This is the second Rick Owens collection under the title of Babel. It seems the coloured smoke of the previous menswear show was a precursor to this. As they say, no smoke without fire. Owens' recent collections have seen a fiery aggression, a suggestive comment on political upheaval or the state of today, this season was all that and more, as literal flames plumed and danced on set.
According to Genesis, the Babylonians wanted to make a name for themselves by building an almighty tower 'with its top in the heavens.' Here, for S/S 19, Owens had built his own tower within the ground of the Palais de Tokyo, a giant triangular structure that mirrored the shape on the invite, and had set it ablaze. A metaphor perhaps for the current individuals within power, the new-age Babylonians trying to create their own tower to Nirvana. Tatlin's tower, a tower never constructed but intended to be a great monument to the Bolshevik revolution, was cited in the notes too - another nod to Owens' anarchistic attitude. As if a giant burning tower wasn't explicit enough.
As the flames bellowed, the clothes spoke of anger and post-apocalypse: dirtied flags were built in as sleeve as if a sad salute to troubled times, the tower structure appeared on wrist and head as if slender armour and large, plank-like blocks poked from skirt pocket or fold, much like Owens' previous leathery block invitations, and felt reminiscent of weaponry.
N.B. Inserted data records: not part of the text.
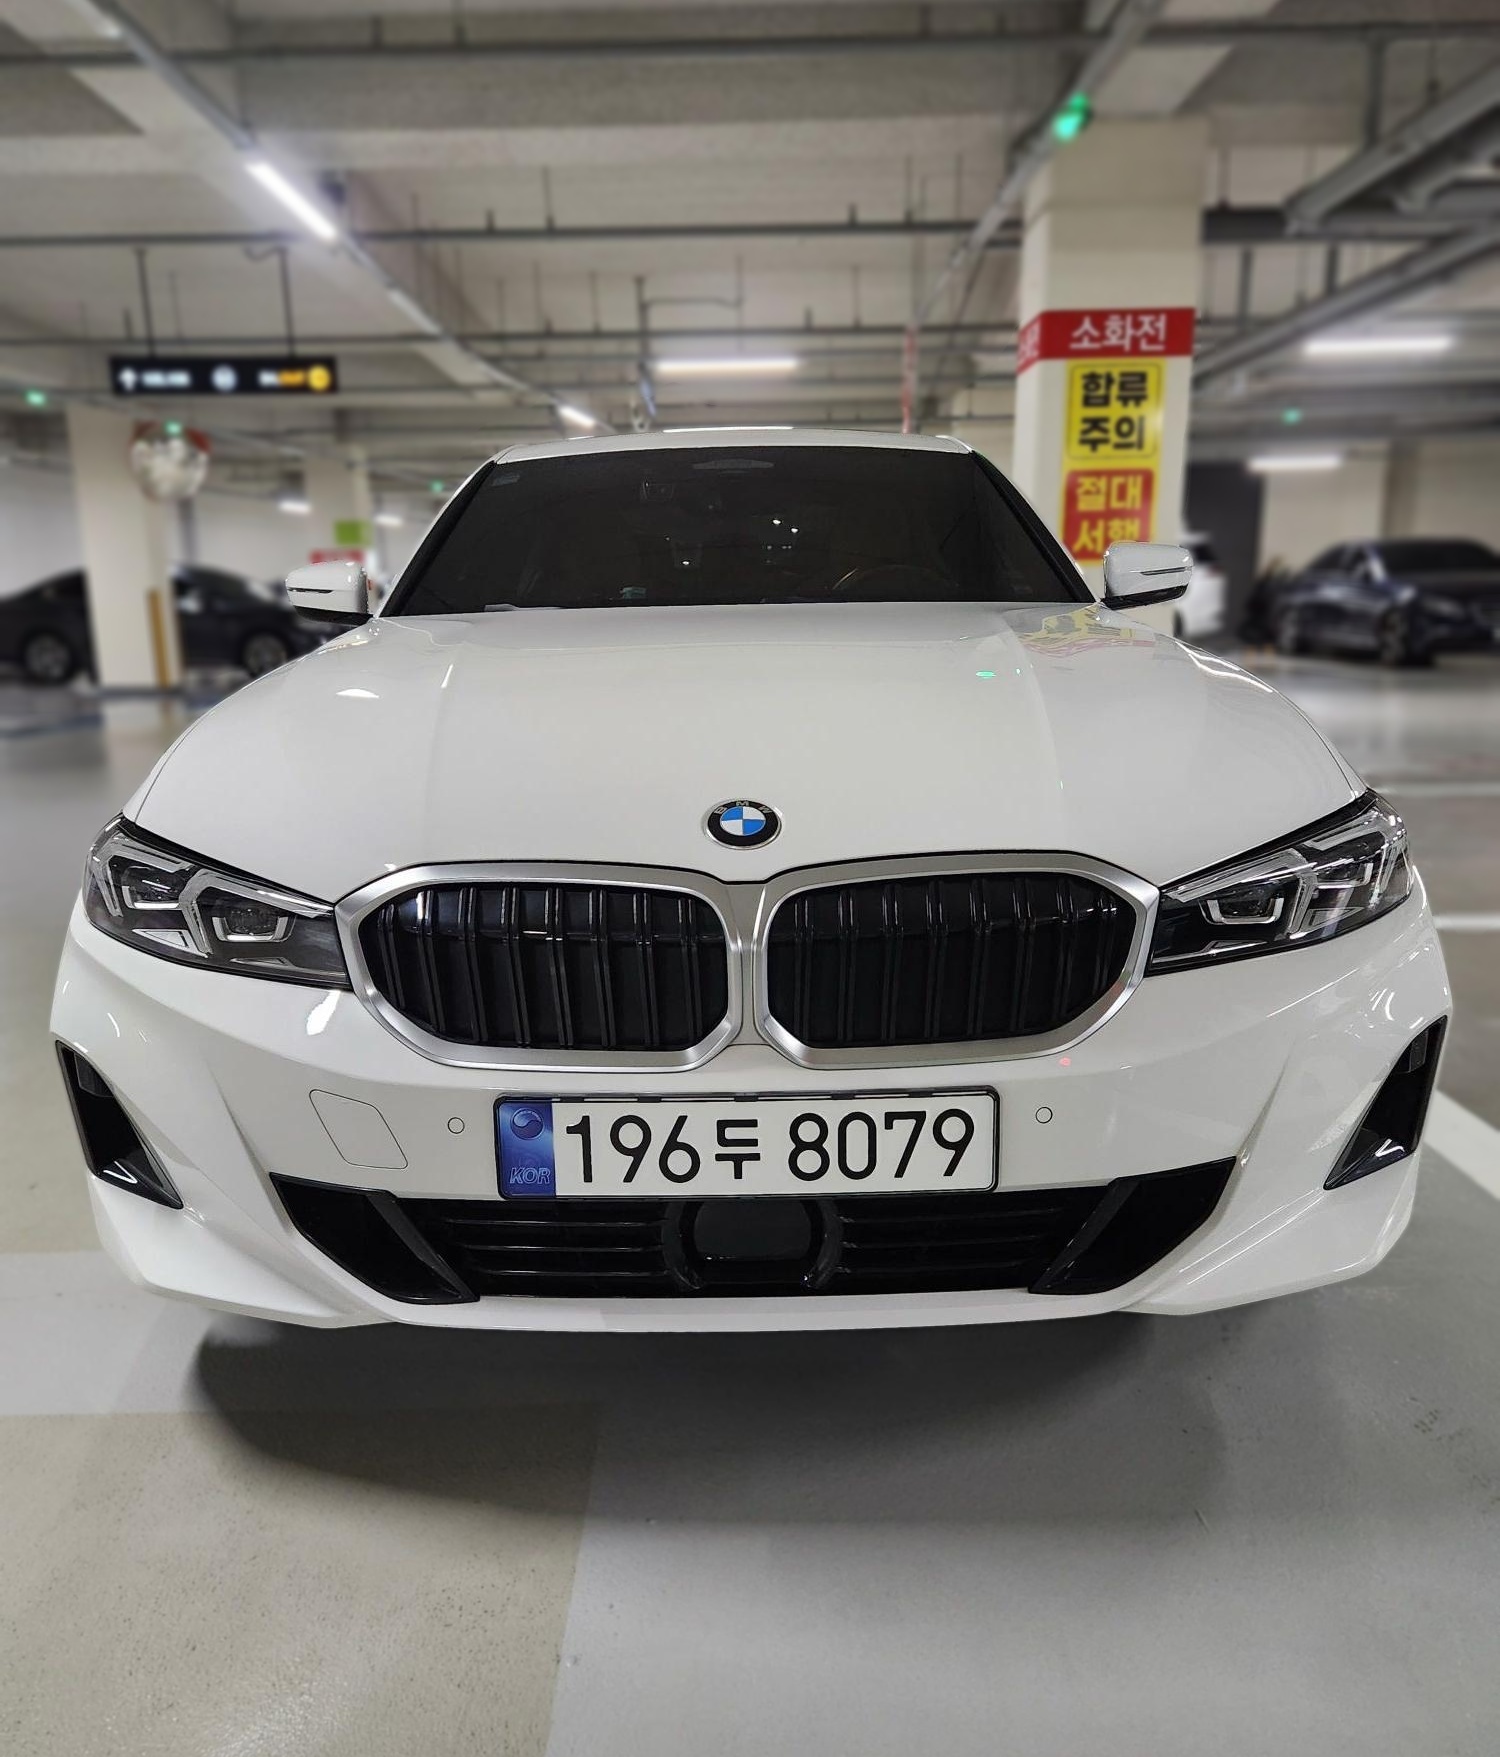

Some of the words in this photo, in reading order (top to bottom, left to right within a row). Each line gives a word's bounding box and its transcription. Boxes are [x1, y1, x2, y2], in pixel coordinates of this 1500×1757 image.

[1070, 314, 1167, 351] 소화전
[1082, 371, 1147, 408] 합류
[1079, 415, 1145, 453] 주의
[1076, 475, 1143, 511] 절대
[714, 800, 773, 815] BMW
[787, 1108, 976, 1182] 8079
[509, 1166, 551, 1184] KOR
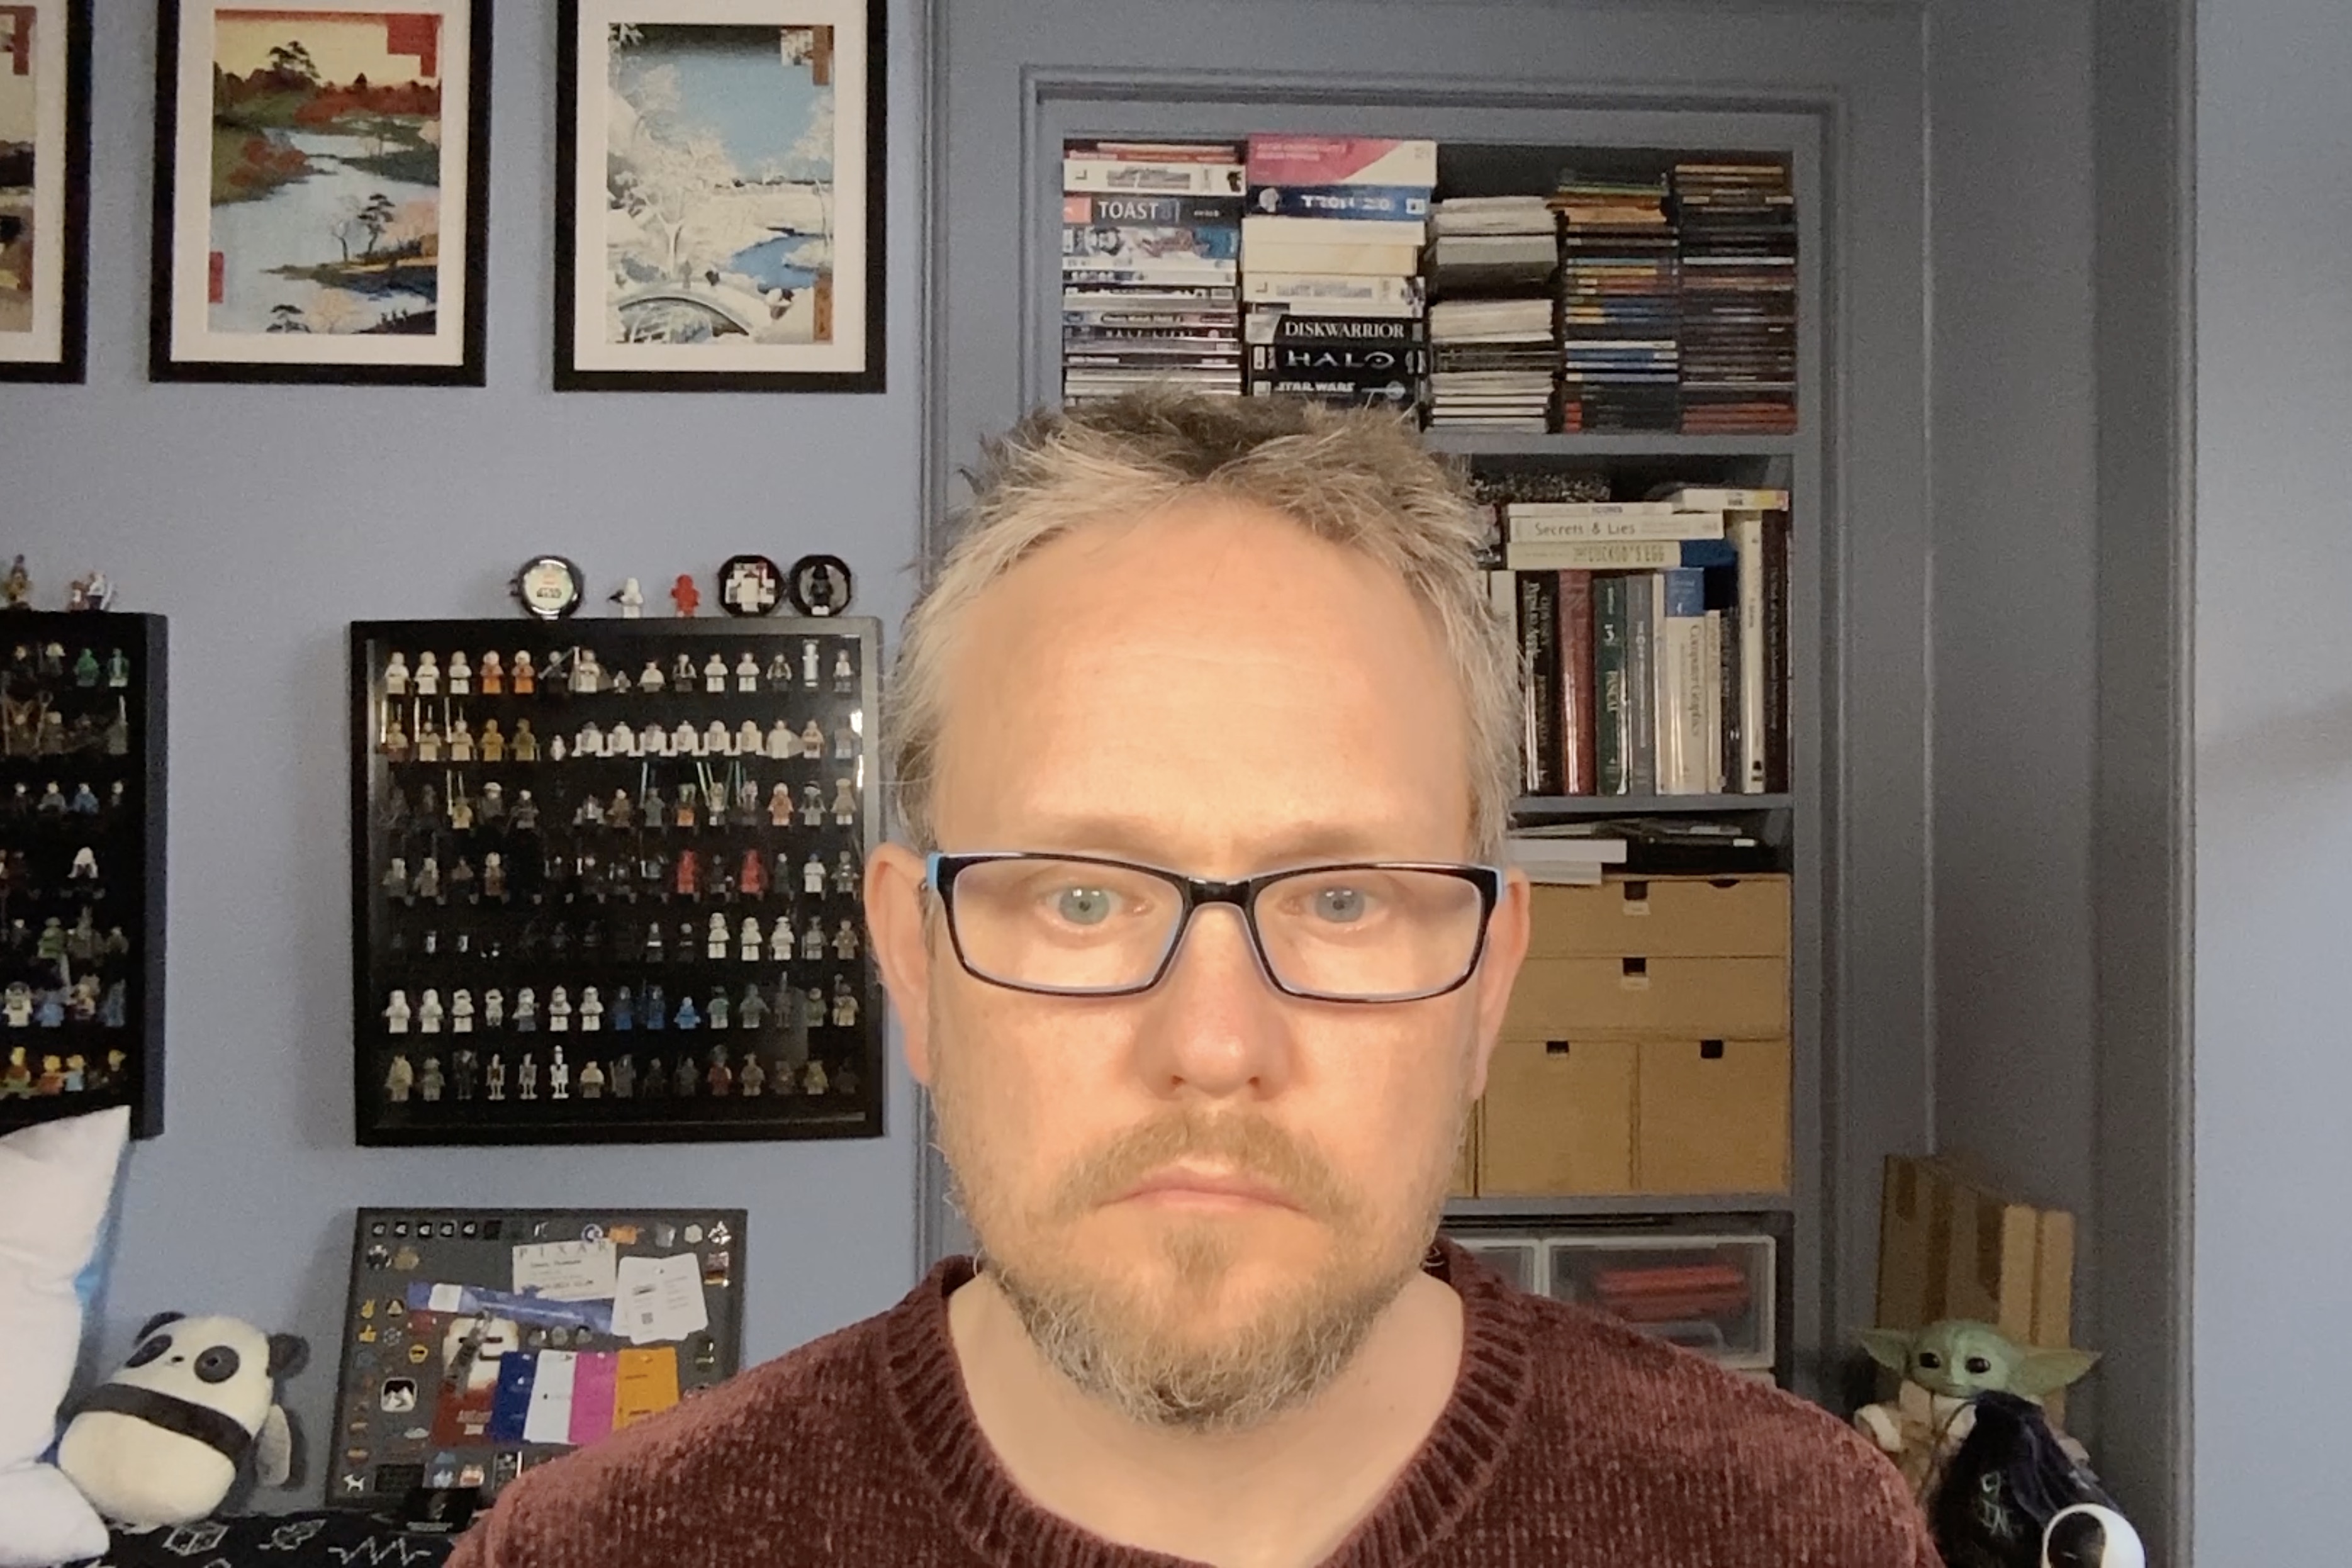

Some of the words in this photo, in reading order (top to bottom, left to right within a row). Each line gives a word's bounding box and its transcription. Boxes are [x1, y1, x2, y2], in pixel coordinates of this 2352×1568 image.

[1099, 201, 1159, 219] TOAST
[1285, 321, 1404, 339] DISKWARRIOR
[1285, 349, 1395, 369] HALO
[1275, 381, 1314, 392] STAR
[1315, 381, 1356, 393] WARS
[1535, 522, 1583, 535] Secrets
[1608, 523, 1635, 535] Lies
[518, 1241, 609, 1258] PIXAR
Flamed truncheons and large visor like sunglasses seemed ominous too.
Garments interlocked, skirt twisted with sleeves, contorted with dress or jacket, items were scooped and looped into each other as if hunkering down and fortifying the form. Hoodies and sweaters were rather ingeniously worn as habits - another reminder of the dark religious undertone - and the geometric shapes of Owens' tower were mimicked in laser-cutting and the silhouettes; large collars and shoulders were long and jarring almost as if models were on the rack.
It wasn't all dystopian doom and gloom. Owens had once again collaborated with Birkenstock to create fantastically clunky boots and sandals: their tones of burgundy, neon yellow, soft pastel green and grey were truly beautiful. Peekaboo flesh, bralettes and draping fringed dresses were a welcome element of subtle femininity and had a sex appeal akin to that of Lara Croft in Tomb Raider. Once again, the Palais had been set ablaze with an exceptionally strong collection.